This December, The New York Times ran a front page story about the Pentagon program that investigated unexplained aerial phenomena. The US military recently had three prominent, documented encounters with unidentified flying objects. And the Chinese just built the world’s largest radar facility to listen for extraterrestrial life. What the hell is going on? I mean, Trump’s presidency seems like a dystopian sci-fi novel, but when did UFOs move from the Art Bell fringe into the mainstream?
At New York Magazine, a group of seven journalists dive deep into the realm of Ufology. Cataloguing the past and Ufology’s key players, they make a case that no time in human history has presented clearer, more compelling evidence that something unexplained is buzzing our skies, missile silos and nuclear facilities, if not aliens, then certainly things we have not yet identified. “In December,” the article says, “the Pentagon confirmed the existence of the Advanced Aerospace Threat Identification Program.”

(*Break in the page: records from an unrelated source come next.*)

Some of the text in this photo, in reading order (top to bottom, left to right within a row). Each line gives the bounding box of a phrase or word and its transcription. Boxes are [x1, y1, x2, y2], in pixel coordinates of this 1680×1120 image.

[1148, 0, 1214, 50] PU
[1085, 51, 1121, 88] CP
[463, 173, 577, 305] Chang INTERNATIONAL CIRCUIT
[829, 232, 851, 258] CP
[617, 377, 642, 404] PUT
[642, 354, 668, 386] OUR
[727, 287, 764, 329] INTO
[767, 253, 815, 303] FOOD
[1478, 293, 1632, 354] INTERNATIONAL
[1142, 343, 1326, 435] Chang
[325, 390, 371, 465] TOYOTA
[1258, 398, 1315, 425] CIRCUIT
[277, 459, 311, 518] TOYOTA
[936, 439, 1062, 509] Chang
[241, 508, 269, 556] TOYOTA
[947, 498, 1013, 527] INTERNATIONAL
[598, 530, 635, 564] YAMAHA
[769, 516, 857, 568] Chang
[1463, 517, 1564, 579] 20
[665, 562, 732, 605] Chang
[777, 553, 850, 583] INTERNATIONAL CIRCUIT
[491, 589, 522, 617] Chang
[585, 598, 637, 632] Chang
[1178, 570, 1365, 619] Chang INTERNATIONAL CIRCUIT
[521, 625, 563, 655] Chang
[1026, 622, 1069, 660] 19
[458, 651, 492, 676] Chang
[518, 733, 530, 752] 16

The program was co-founded by then–Majority Leader Harry Reid, who tweeted, “We don’t know the answers, but we have plenty of evidence to support asking the questions.” It’s a convincing point. The funding supposedly ended in 2012, but sources say the program is going strong. Some of this information will be familiar to those of us who enjoy reading about unexplained phenomenon. The sense that some of this is just nuts-o is also familiar. What’s new is the Federal government’s transparency and mounting the burden of proof. Here’s the tip of the extraterrestrial iceberg as a teaser:
So much of what the program uncovered remains classified, but what little we know is tantalizing. Based on data it collected, the program identified five observations that showed mysterious objects displaying some level of “advanced physics,” also known as “stuff humans can’t do yet”: The objects would accelerate with g-forces too strong for the human body to withstand, or reach hypersonic speed with no heat trail or sonic boom, or they seemed to resist the effects of Earth’s gravity without any aerodynamic structures to provide thrust or lift. “No one has been able to figure out what these are,” said Luis Elizondo, who ran the program until last October, in a recent interview.

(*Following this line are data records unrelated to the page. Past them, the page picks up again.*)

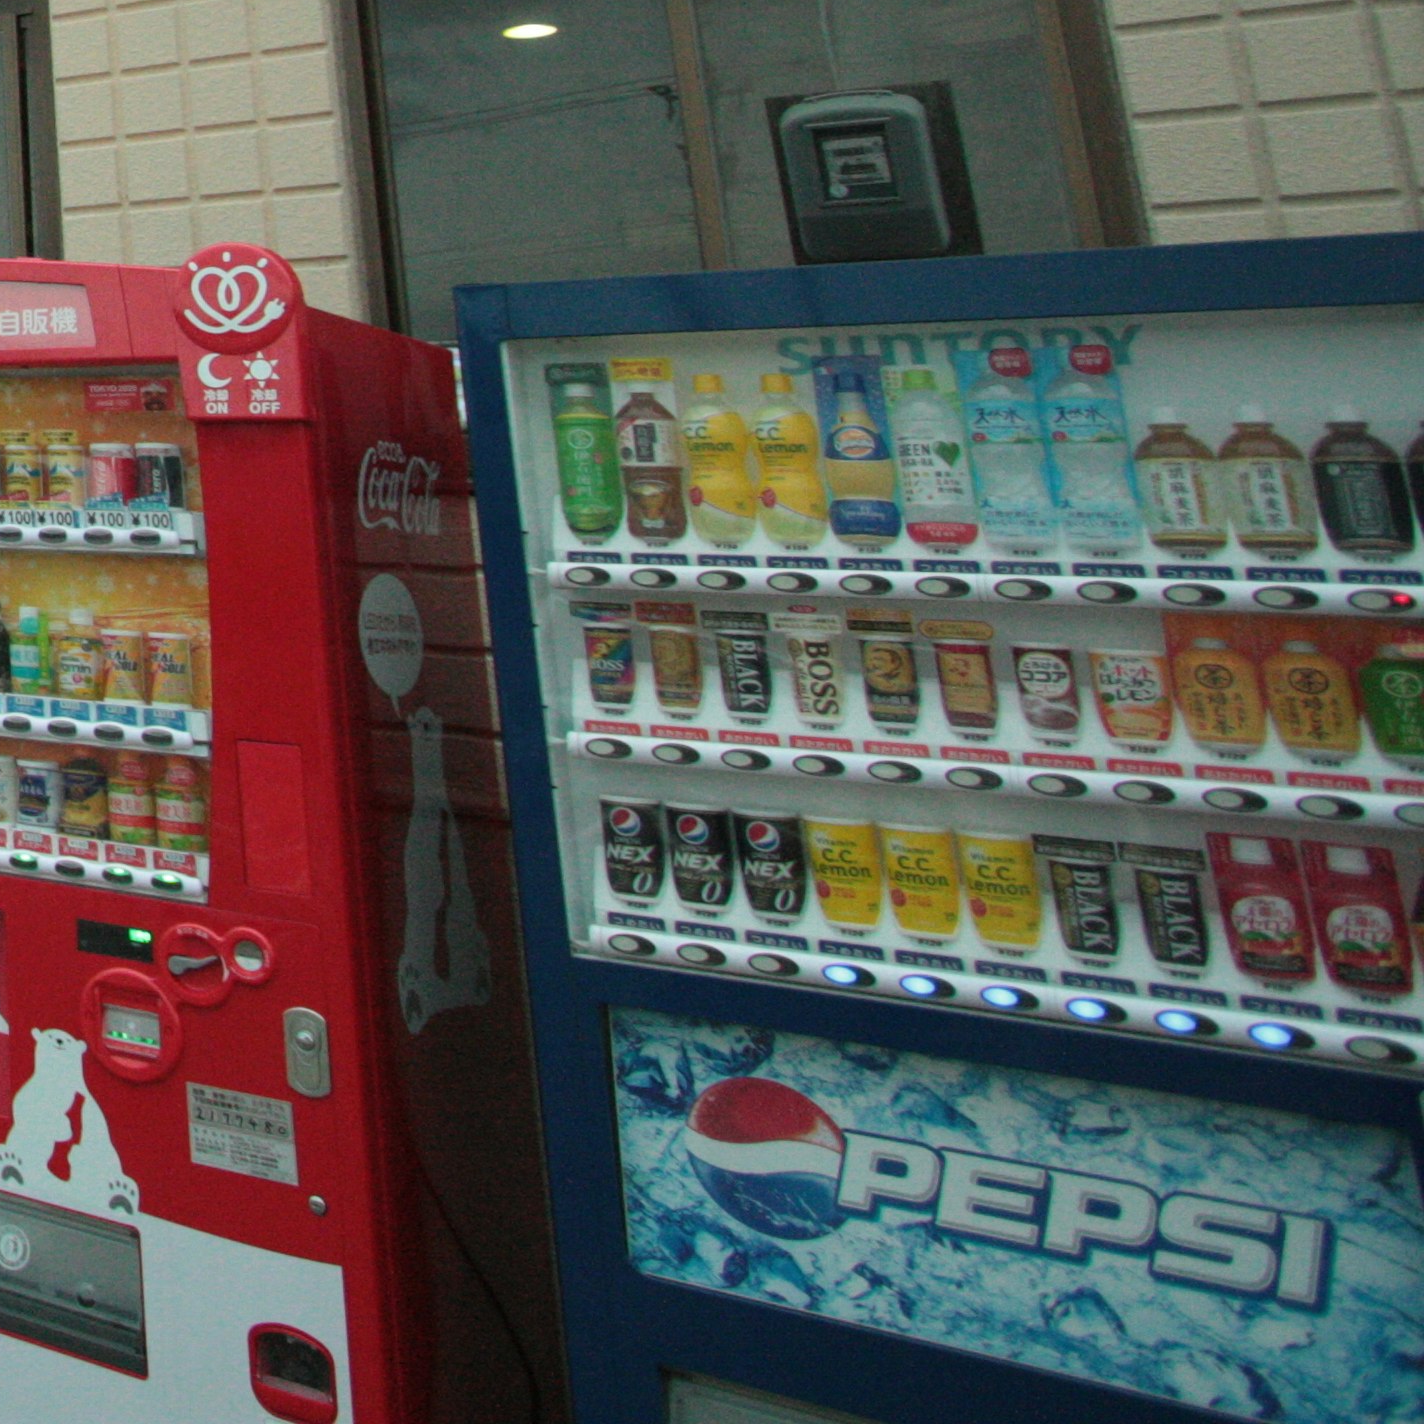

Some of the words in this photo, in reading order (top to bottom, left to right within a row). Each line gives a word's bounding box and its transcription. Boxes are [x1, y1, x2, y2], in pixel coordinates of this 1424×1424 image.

[203, 389, 229, 402] 冷却
[251, 389, 278, 401] 冷却
[205, 402, 229, 414] ON
[248, 402, 281, 414] OFF
[357, 446, 441, 537] Coca-Cola
[37, 511, 73, 525] ¥100
[87, 512, 124, 527] ¥100
[131, 514, 170, 528] ¥100
[731, 639, 766, 709] BLACK
[804, 640, 840, 716] BOSS
[1020, 669, 1068, 683] ココア
[606, 843, 655, 863] NEX
[674, 851, 726, 872] NEX
[744, 859, 796, 879] NEX
[1072, 869, 1114, 950] BLACK
[1160, 878, 1203, 962] BLACK
[836, 1130, 1336, 1314] PEPSI

Elizondo has also talked about “metamaterials” that may have been recovered from unidentified aerial phenomena and stored in buildings owned by a private aerospace contractor in Las Vegas; they apparently have material compositions that aren’t found naturally on Earth and would be exceptionally expensive to replicate. According to a 2009 Pentagon briefing summarized in the New York Times, “the United States was incapable of defending itself against some of the technologies discovered.” This was a briefing by people trying to get more funding — but still.

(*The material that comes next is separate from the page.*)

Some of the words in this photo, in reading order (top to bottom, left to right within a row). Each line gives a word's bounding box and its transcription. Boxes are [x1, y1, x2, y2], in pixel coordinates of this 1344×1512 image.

Some of the accounts Elizondo and his team analyzed supposedly occurred near nuclear facilities like power plants or battleships. In November 2004, the USS Princeton, a Navy cruiser escorting the aircraft carrier USS Nimitz off the coast of San Diego, ordered two fighter jets to investigate mysterious aircraft the Navy had been tracking for weeks (meaning this was not just a trick of the eye or a momentary failure of perspective, the two things most often blamed for unexplained aerial phenomena). When the jets arrived at the location, one of the pilots, Commander David Fravor, saw a disturbance just below the ocean’s surface causing the water to roil around it. Then, suddenly, he saw a white, 40-foot Tic Tac–shaped craft moving like a Ping-Pong ball above the water. The vehicle began mirroring his plane’s movements, but when Fravor dove directly at the object, the Tic Tac zipped away.